A artista plástica percorre o mundo com projetos voluntários que educam e levam também impacto social para a vida dos pequenos. “Conversei com a Prefeitura de Vlieland, que comprou a ideia e vai dar para todos os moradores da cidade um kit de Natal dentro dessas sacolas que estamos criando”, contou. Dentro das sacolas estarão também produtos totalmente ecológicos e sustentáveis.

A pintura de velas em algumas regatas da Europa é comum, mas sempre com artistas plásticos renomados. Pela primeira vez, as velas são pintadas por crianças de Florianópolis e Vlieland, um pequena ilha holandesa que tem pouco mais de 1 mil habitantes.

Em grupos, os pequenos da Casa da Criança se reuniram sobre as velas para pintar o que quisessem. Só havia uma regra: com os pés afastados e os calcanhares juntos, cada um deveria contornar os pés e, assim, formar um coração. Dentro dos corações, eles podiam pintar livremente. “A ideia não é pintar sem sentido. Eles têm que pintar o que tem dentro de seus corações”, disse a artista plástica.

Matheus da Silva de Souza e Gabriela Ferreira da Silva, ambos de 6 anos, não pensaram duas vezes. Em corações vermelhos, azuis e verdes desenharam o que mais amam: suas mães.

Pintando futuros em todo o mundo

O projeto Sail a Future é derivado de uma outra proposta que a artista Hetty van der Linden faz há 18 anos: o Paint a Future (Pintando um Futuro). Crianças de 15 países, como Taiwan, Croácia, Chile, Argentina, Marrocos, Bulgária, Madagascar e Brasil já participaram.

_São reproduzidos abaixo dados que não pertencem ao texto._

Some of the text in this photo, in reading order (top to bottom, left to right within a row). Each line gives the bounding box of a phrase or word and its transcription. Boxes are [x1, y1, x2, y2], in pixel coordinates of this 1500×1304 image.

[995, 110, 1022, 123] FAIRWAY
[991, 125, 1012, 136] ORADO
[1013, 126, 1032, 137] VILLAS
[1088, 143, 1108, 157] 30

Em comunidades carentes, com ajuda de assistentes sociais, Hetty convida as crianças a pintarem o que querem para o futuro.

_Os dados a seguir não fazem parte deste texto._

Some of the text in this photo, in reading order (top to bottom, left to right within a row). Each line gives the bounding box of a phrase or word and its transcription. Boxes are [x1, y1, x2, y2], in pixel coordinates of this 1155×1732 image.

A artista plástica Hetty van der Linden é a idealizadora do projeto - Daniel Queiroz/ND
A artista plástica Hetty van der Linden é a idealizadora do projeto – Daniel Queiroz/ND

Artistas renomados são convidados a transformar aqueles desenhos em obras de arte. As telas são vendidas e a renda é revertida para conseguir realizar o sonho daquelas crianças.

Entre bicicletas, brinquedos e cestas básicas, o projeto já realizou o sonho de milhares de crianças. Até mesmo uma casa na Favela do Siri, nos Ingleses, foi possível construir com a venda de um quadro. “As crianças acabam pintando o futuro delas de verdade sem saber”, afirmou Hetty.

Moradora da Holanda, a artista visita o Brasil e Florianópolis frequentemente em busca de novas histórias e projetos. “Estou sempre aqui em Florianópolis, eu amo essa ilha”, disse.

Projeto pedagógico vencedor

A Casa da Criança atende crianças de 6 a 17 anos diariamente desde 1988. A ONG trabalha com educação integral, ou seja, todas as crianças precisam estar estudando e, no contraturno, elas têm atividades culturais, esportivas e pedagógicas, como dança, roda de samba, capoeira, balé, educação física, biblioteca, artes e informática. Em 2011, a Casa da Criança ficou em primeiro lugar entre mais de 3.000 participantes do prêmio Itaú-Unicef, que premia os projetos de organizações sem fins lucrativos.

Para Veronice Sutilli, assistente social da Casa da Criança, a parceria com Hetty van der Linden, que começou há mais de dez anos, tem um impacto muito positivo sobre as crianças. “É uma riqueza grande, as crianças fazem esse intercâmbio com outra ilha e perceberam o resultado do trabalho. Nosso objetivo aqui é dar oportunidade para eles, para terem acesso às oportunidades”, disse.